Alcuni sono nella luce, altri nell'ombra

Scrisse Bertold Brecht nella sua "Opera da tre soldi":

"Alcuni sono nella luce,

altri nell'ombra,

vediamo soltanto quelli,

questi nessuno li vede."

Similmente anche oggi se una ballerina o un attore qualunque, anche di terz'ordine, senz'arte né parte, cambia marito come un paio di scarpe, o va in vacanza a Ibiza, ecco i titoloni delle apposite riviste "specializzate" in nulla assortito, oltre che i trafiletti sfiziosi sui quotidiani nazionali. Se un uomo, disabile, povero, muore in casa per il freddo, dopo che gli hanno staccato luce e gas per inadempimento, cala il silenzio dei mass-media, e solo le sparute voci dei giornali di strada si levano indignate a far notar l'assurdità di uno Stato che alla vita difficile di un uomo preferisce gli interessi delle multinazionali delle bollette.

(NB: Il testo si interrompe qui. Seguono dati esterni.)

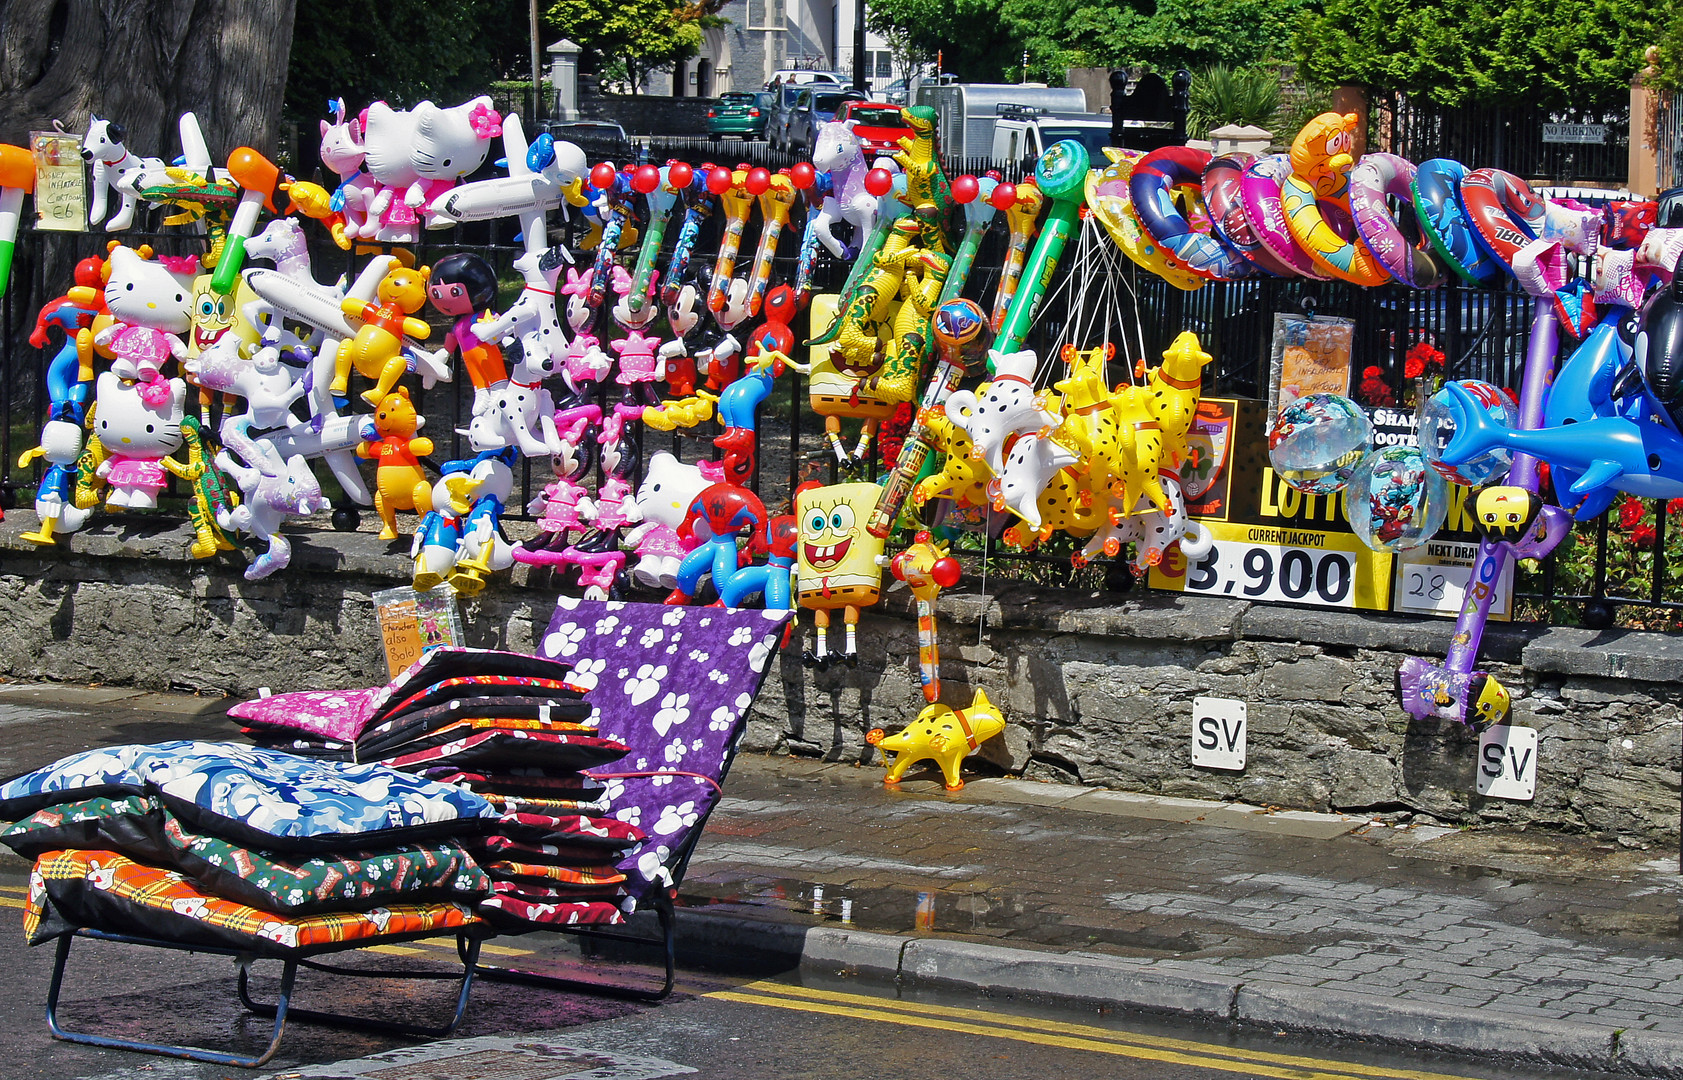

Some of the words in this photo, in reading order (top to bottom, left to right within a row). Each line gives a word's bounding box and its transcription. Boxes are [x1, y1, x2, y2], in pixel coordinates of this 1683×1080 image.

La crisi in Italia avanza, non si può negarlo. Ma se una società di calcio fallisce, sommersa dai debiti di spavaldi faccendieri sprovveduti, i soliti giornali "specializzati" mettono su titoli a otto colonne, chiedendosi il perché e il percome sia potuto accadere, sconvolti per la perdita dei colori sociali, del nome, del passatempo dei tifosi. Ed invece, se a fallire è un'aziendina qualsiasi, magari in subappalto, e se a perdere il lavoro, ritrovandosi senza il becco d'un quattrino sono operai o impiegati interinali e non artisti della pedata, questi devono bloccare le strade o le ferrovie per farsi notare, devono mettersi nel torto per far valere le proprie ragioni. Anche i senza dimora di Foggia sono nella stessa condizione, ignorati dalle istituzioni e dai media tradizionali. Non hanno residenza, non votano, non possono protestare per paura delle forze dell'ordine, non hanno diritti, non hanno visibilità. A Foggia non c'è un dormitorio pubblico, chiuso il Conventino più di due anni orsono; non c'è neanche un luogo dove lavarsi, il più vicino è a Borgo Segezia (e dieci chilometri per chi cammina a piedi). Ma di questi temi in città non si parla, anzi da qualche mese ne parla solo il nostro "Foglio di Via", purtroppo l'unica voce dei senza dimora, l'isolato grido di aiuto degli invisibili, un monito nella coscienza della città che dorme, assuefatta dall'inutile tran-tran televisivo, tra Veline, Grande Fratello, processi di pallone e poco altro.